Cameco Corporation (TSX:CCO)(NYSE:CCJ) may be one of the largest uranium miners in the world, but the stock’s performance over the past year is hardly reflective of a company that accounts for nearly 18% of the world’s global production of uranium.
There are a number of reasons why the stock is trading low, but even more reasons exist as to why this stock could go significantly higher over the next few years.
Why the stock is low
Nuclear power remains a prime candidate for countries that are experiencing growth and looking to acquire a relatively inexpensive and clean source of energy. By some measures, global nuclear energy production saves nearly 2.4 billion tonnes of harmful carbon dioxide emissions that’s produced by burning coal.
While this sounds great, the Japanese earthquake and tsunami in 2011, which damaged the Fukushima nuclear reactor, effectively decimated demand for uranium and nuclear power plants. What has followed since then is the gradual drop of the price of uranium and, by extension, Cameco’s stock.
As demand for uranium bottomed after the disaster, supply started to increase and wasn’t met–at least initially–with a slowdown in mining. Even worse is the fact that nuclear reactor construction effectively came to a halt after the disaster as countless countries turned to other forms of energy. Effectively, there was a glut of uranium in the market, which further depressed uranium prices.
Why the stock will go higher
Over the past few years there has been a renewed interest in nuclear power. There are a number of reasons for this, but the low price of uranium, a focus on clean-energy production, and the massive power needs coming from India and China in particular have kick-started the uranium market.
In India alone, there are 20 active reactors and another 20 are under construction or about to break ground. A further six reactors are set to be developed over the next few years, all of which are needed to keep pace with the infrastructure boom the country is experiencing.
China is also in the midst of a boom; it aims to more than quadruple the number of reactors over the next few years; it already has +30 reactors in use.
As more reactors come online, demand will start to kick up for uranium, which should drive Cameco higher as well. Beyond India and China, there are approximately 60 reactors worldwide that are under construction with countless others planned.

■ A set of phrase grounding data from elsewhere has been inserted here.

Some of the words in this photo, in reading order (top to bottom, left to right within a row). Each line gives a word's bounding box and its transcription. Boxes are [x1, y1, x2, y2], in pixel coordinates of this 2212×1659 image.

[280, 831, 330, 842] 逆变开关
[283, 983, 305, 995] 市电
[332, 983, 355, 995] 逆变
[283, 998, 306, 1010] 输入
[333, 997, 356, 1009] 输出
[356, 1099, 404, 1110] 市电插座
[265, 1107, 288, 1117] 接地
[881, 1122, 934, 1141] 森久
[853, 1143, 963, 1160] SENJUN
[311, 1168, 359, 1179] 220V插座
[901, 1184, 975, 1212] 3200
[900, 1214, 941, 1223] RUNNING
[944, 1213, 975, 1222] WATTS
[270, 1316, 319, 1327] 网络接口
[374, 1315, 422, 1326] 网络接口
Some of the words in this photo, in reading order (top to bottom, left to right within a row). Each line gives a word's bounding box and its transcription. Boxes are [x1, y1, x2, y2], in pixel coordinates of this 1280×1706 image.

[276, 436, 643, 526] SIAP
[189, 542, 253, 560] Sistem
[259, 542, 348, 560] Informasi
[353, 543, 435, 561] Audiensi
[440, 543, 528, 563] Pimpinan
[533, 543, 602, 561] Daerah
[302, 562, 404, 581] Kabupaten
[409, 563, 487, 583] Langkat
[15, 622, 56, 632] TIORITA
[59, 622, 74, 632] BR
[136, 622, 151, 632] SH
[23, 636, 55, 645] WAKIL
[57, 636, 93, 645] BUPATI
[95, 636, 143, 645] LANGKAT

Investing in Cameco? Think long term
It’s fairly easy to look at the drop in share price of Cameco over the past year and deduce that the company is no longer a viable investment option. But Cameco has always been about the long term.
The renewed interest in nuclear power will put pressure on uranium prices and drive them and Cameco higher. Currently, the stock trades below $14–down over 50% since the Japanese earthquake.
Given the potential upside to the stock as well as the current depressed price, in my opinion, Cameco remains a great long-term investment option.